Wriggle-clauses will be used by Brussels to ban UK from help after FiskalUnion
Draft pact leaves UK open to major pressure
Update 14.30 GMT: some potential errors of understanding have been removed, and further confirmations added from the original piece @ 11.28 am today
The Slog received information from Brussels late last night GMT commenting on fiscal relations between Ezone and non-Ezone States after FiskalUnion is completed via the new ‘pact’. The informant stated that draft words currently configured as ‘structural challenges’ in relation to countries opting to stay outside the eurozone will be used as a ‘wriggle-clause’ to claim that most if not all economic problems are not ‘structural’.
Although there may have been some confusion earlier about ESM bailouts vs EU programmes of help (the EU is an endless stream of initials) it now seems clear that any contributions to economic health after FiskalUnion are likely to be a one-way street going from Britain to elsewhere. Contacted by The Slog this lunchtime, Vincenzo Scarpetta at eurosceptic site Open Europe conceded that the UK’s right to economic help after FiskalUnion was “unpredictable”, and confirmed that as a non-eurozone State Britain “has no right to help under the ESM”. However, The Slog’s Brussels source is quite clear about the fact that he was referring to any help at all as an EU member beyond the ESM as set out in the Fourth Draft of the Pact.
Without wishing to state the obvious here, if my source is correct this really does make membership of the EU outside the eurozone completely pointless. We will be paying into Union funds and contributing to membership, to some of which – no matter what Cameron suggests – we are legally committed if they are EU programmes, not eurozone bailout funds.
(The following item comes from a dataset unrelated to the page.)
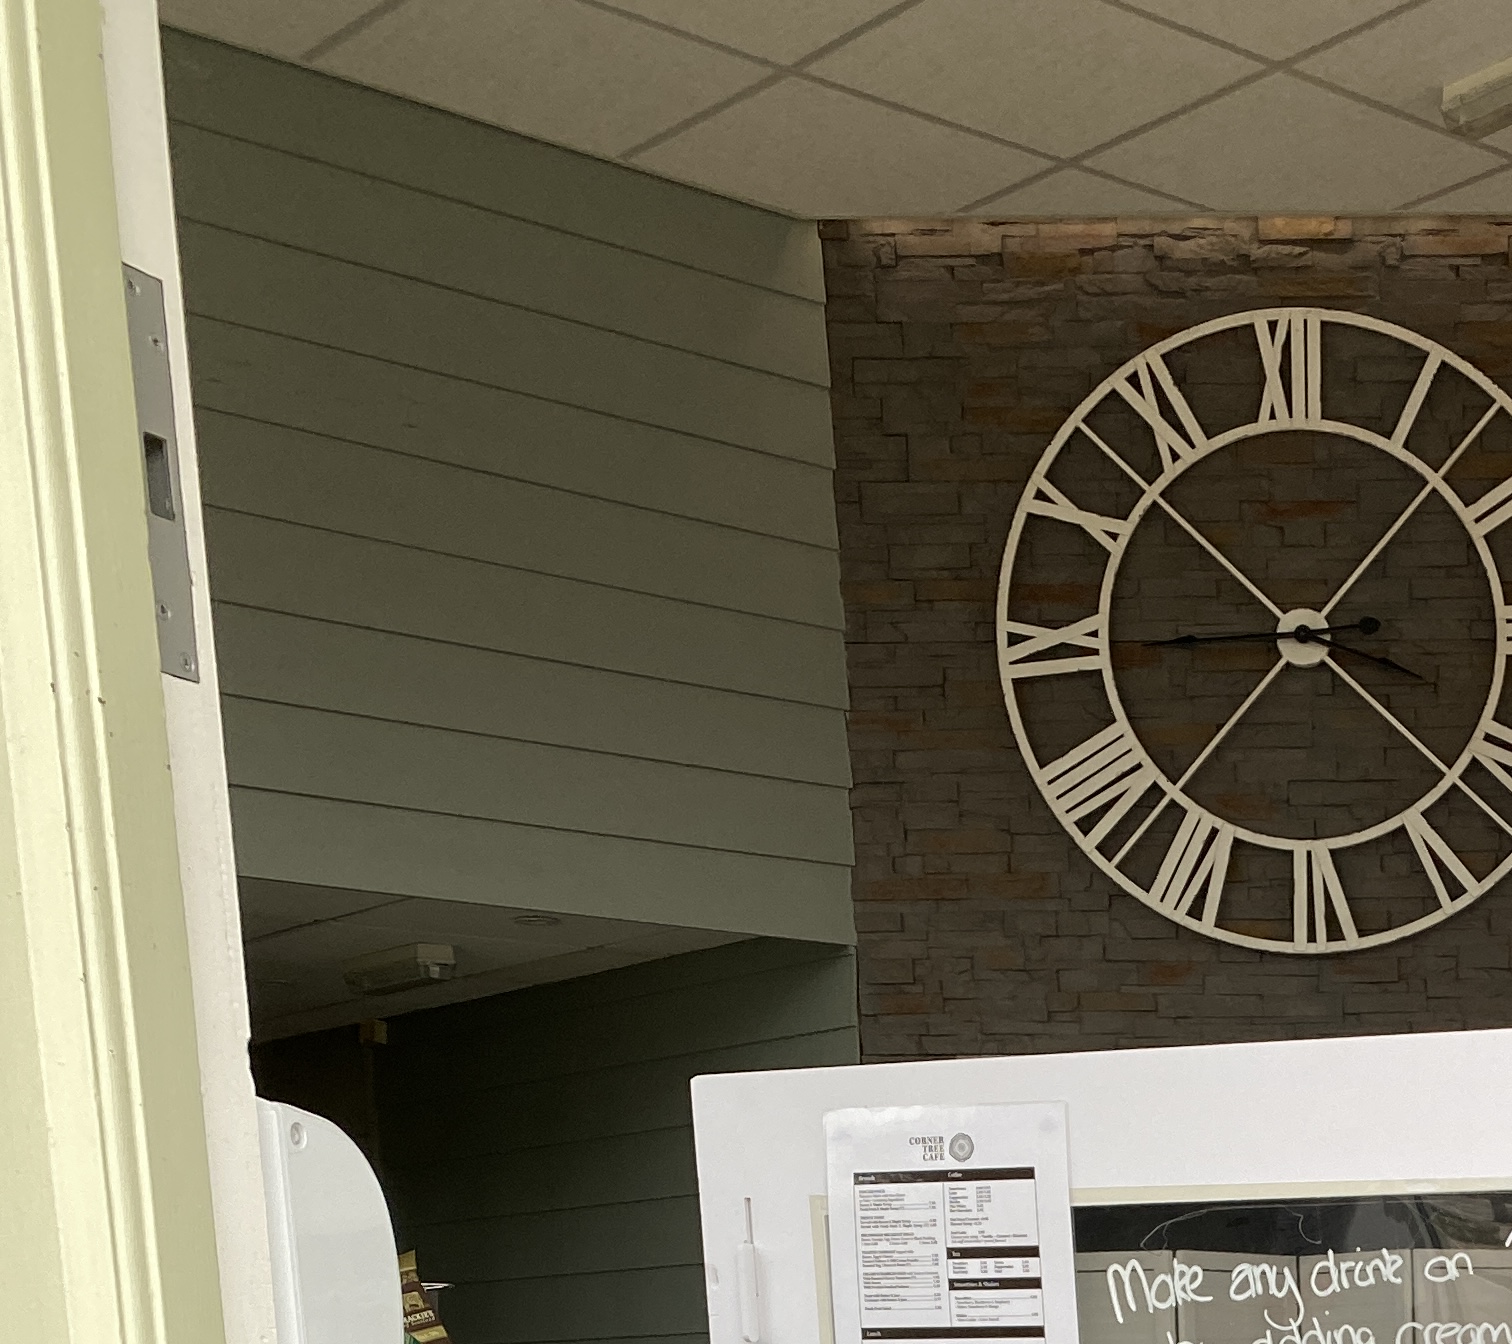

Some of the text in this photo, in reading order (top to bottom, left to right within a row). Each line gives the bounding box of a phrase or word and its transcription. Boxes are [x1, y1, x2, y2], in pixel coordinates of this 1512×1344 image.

[1106, 1258, 1213, 1323] Make
[1229, 1261, 1305, 1331] any
[1310, 1247, 1404, 1298] drink
But the Sprouts will make it difficult to get at those very same programme funds.
Also, with Christine Lagarde – architect of the French fiscal farce – back on board her gravy train again, shunting from one capital to another in search of $500 billion of further bailout money – we may yet contribute the circa £14bn which would be our share, and that will inevitably go straight into eurozone bailouts….whatever she says. (This is certainly what Washington thinks, which is why they’re very unlikely to partake).
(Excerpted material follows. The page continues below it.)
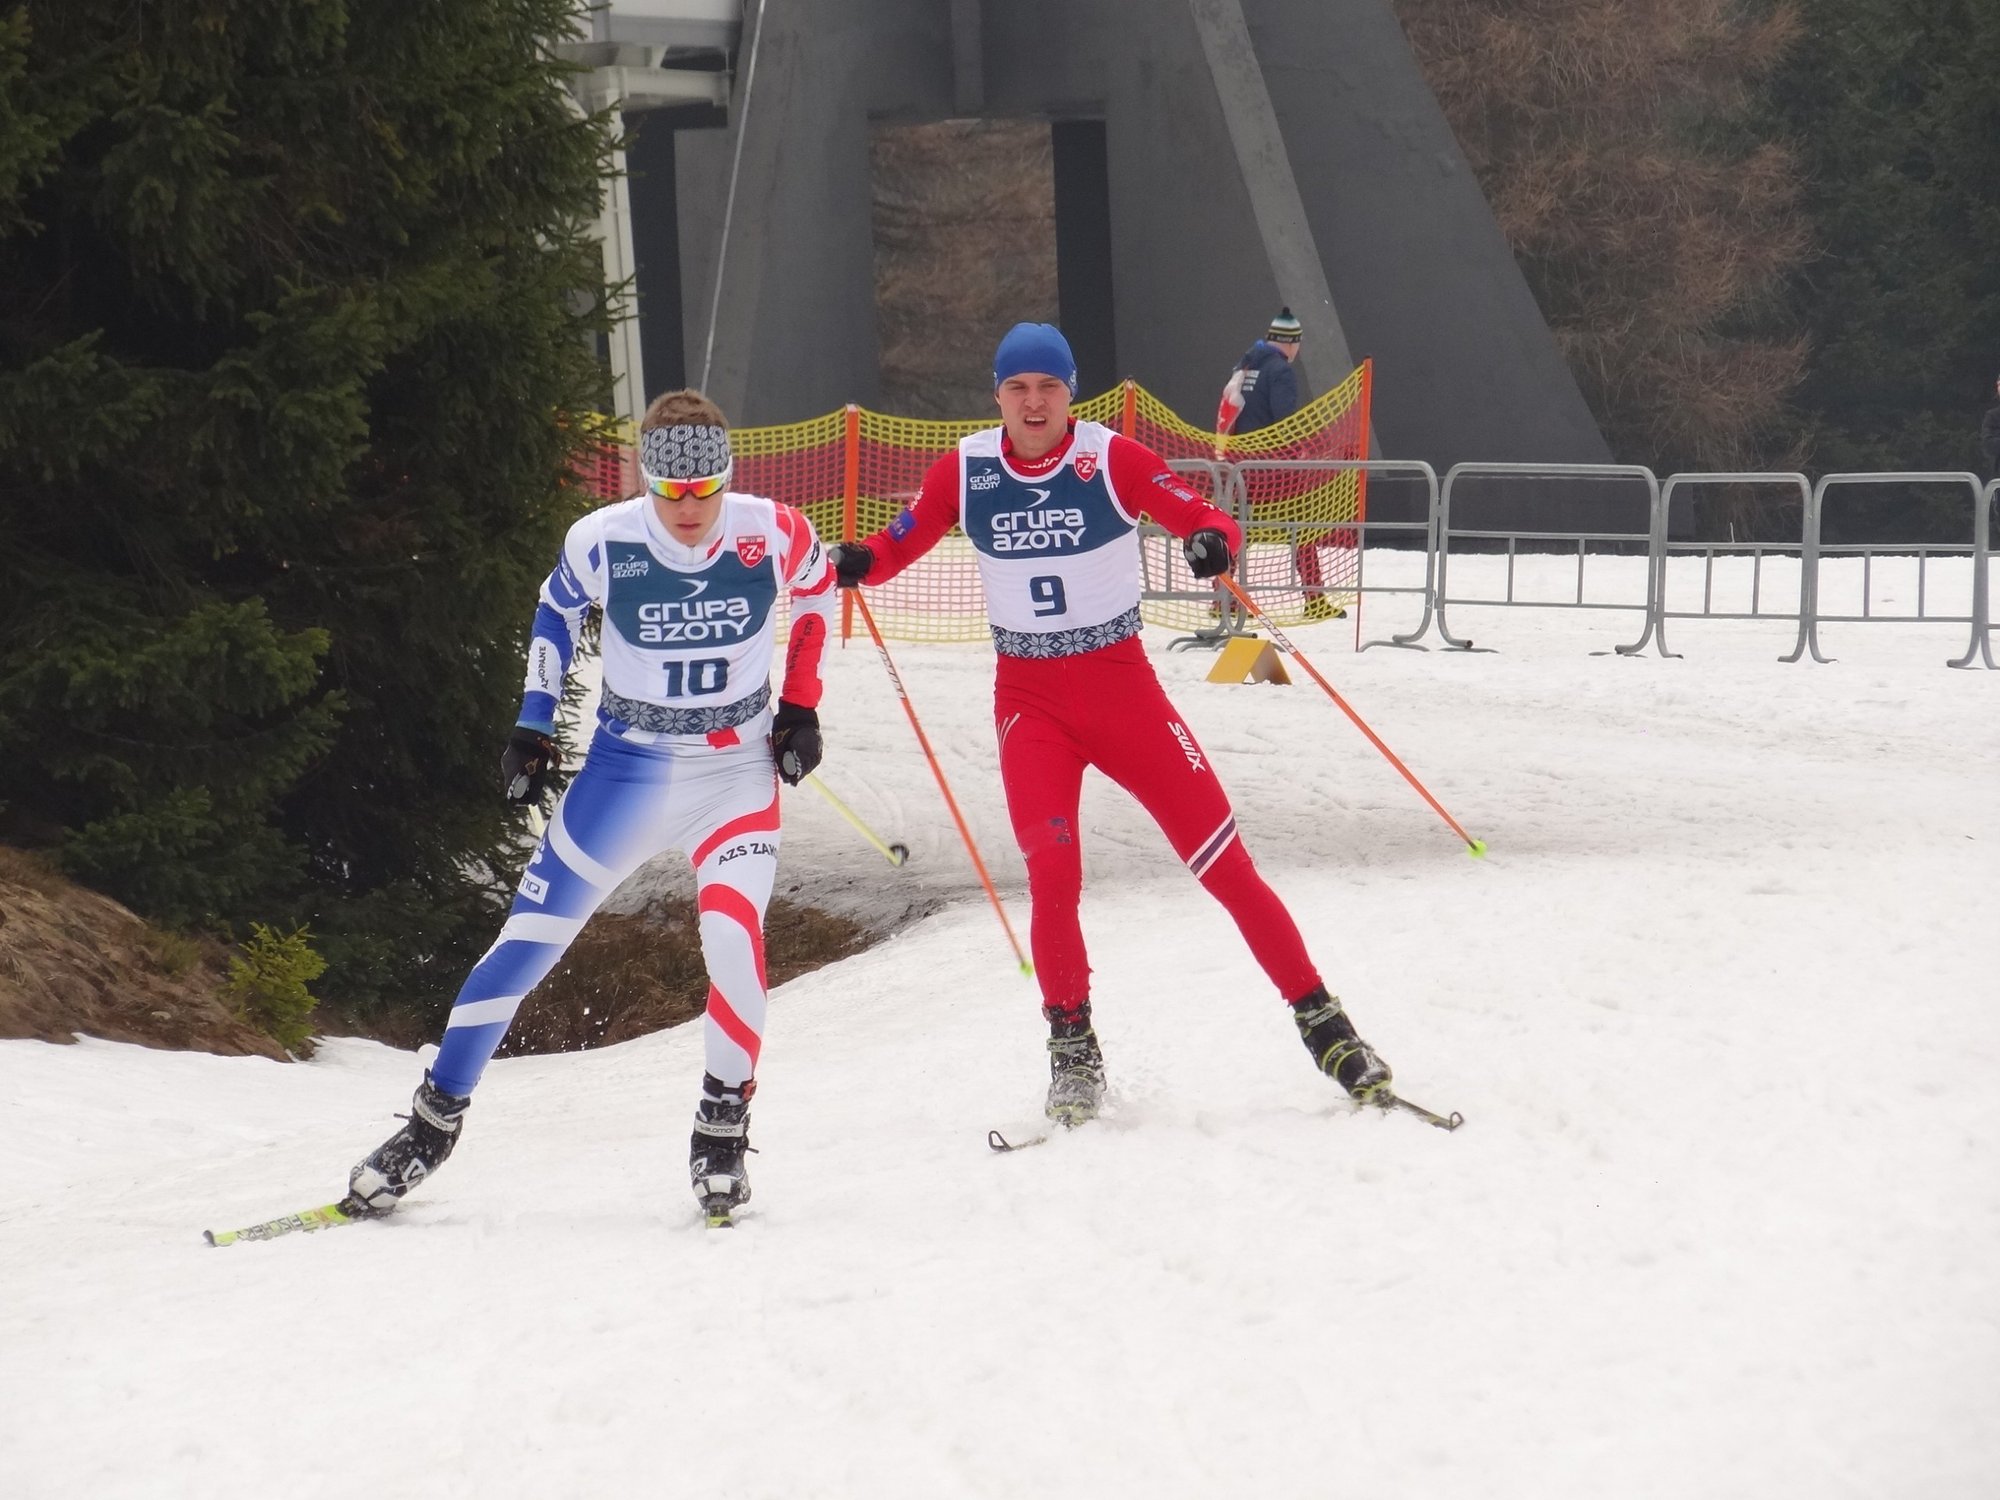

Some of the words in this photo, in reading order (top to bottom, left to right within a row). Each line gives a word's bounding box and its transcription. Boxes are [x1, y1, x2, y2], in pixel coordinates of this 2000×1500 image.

This is really heads they win once, tails we lose twice over. Perhaps above all, when the fiscal effects of the banking/ClubMed loans hit us, we may well get nothing beyond some legalese politely asking that we go forth and multiply.
And there is also a further consideration. It seems to me that, if this is a level-playing field, as an EU member we should look to obtain compensation for the obvious and direct damage already done to the UK economy by the frozen economic situation in the ezone….all of which is the fault of those who constructed the zone, because they failed to control the fiscal jiggerypokery of banks and borrowers in the southern eurozone. There also remains today’s news that some 370,000 migrants have arrived in the UK and are claiming welfare benefits: perhaps we should know what percentage of these are EU citizens? (If Whitehall knows, quite frankly I would be astonished).
Ultimately, whether the UK or other ‘peripherals’ could argue the case for help or not, what’s clear is that the spirit of willingness simply isn’t there in Brussels: it would turn into a long-running legal wrangle, meaning we wouldn’t get the funds when we need them. But equally disturbing is what my source suggests is being stored up down the road.He told me today:
“You’ve seen what’s happened with Hungary. Any deviation is followed by threats, and then gentle blackmail – ‘you join our club and obey the rules, we help you’. It’s a glorified protection racket really. It’s not that difficult to envisage a situation along the way where economic stagnation and bank failures leave us heavily exposed. Should that happen after EU fiscal union, we’ll be in the same poker game as Greece is today – ‘we drip you the money so long as you behave….course, give up Sterling, and we’ll make things easier for you.’ The intent is obvious to anyone who knows the history.”
Hungarian leaders are bending a little, but not much. Viktor Orban yesterday observed that “We support the initiative of Chancellor Angela Merkel on the fiscal union. But we strictly reject a Europe-wide harmonised tax system. Hungary’s low tax rate is for us a competitive advantage that we cannot do without.” As I posted earlier in the week, Hungary represents a potentially excellent test-case for everyone resisting the EU madness.
I’d love to think that the FCO is on this case. But that would be a triumph of optimism over experience. I do, however, think that the Tory Right should be asking some serious questions of Dave re this one.
Footnote: I had another communication this morning suggesting that – using a structure bearing some resemblance to yesterday’s leak here – they are down to the short strokes in the steam-rooms of Athens, if that doesn’t sound too lurid. I think my source means that the lawyers late last night went away to write it all up. There should be something for everyone to look at on Saturday, whinge about on Sunday, and then sign on Monday. About three seconds afterwards, the Troika will then start another head-banging session about releasing the next tranche of walking-around money….dependent (allegedly) on reform progress by the Government. It is a pointless exercise, but the tragedy must unfold: She who must be Obeyed at All Times has decreed it so.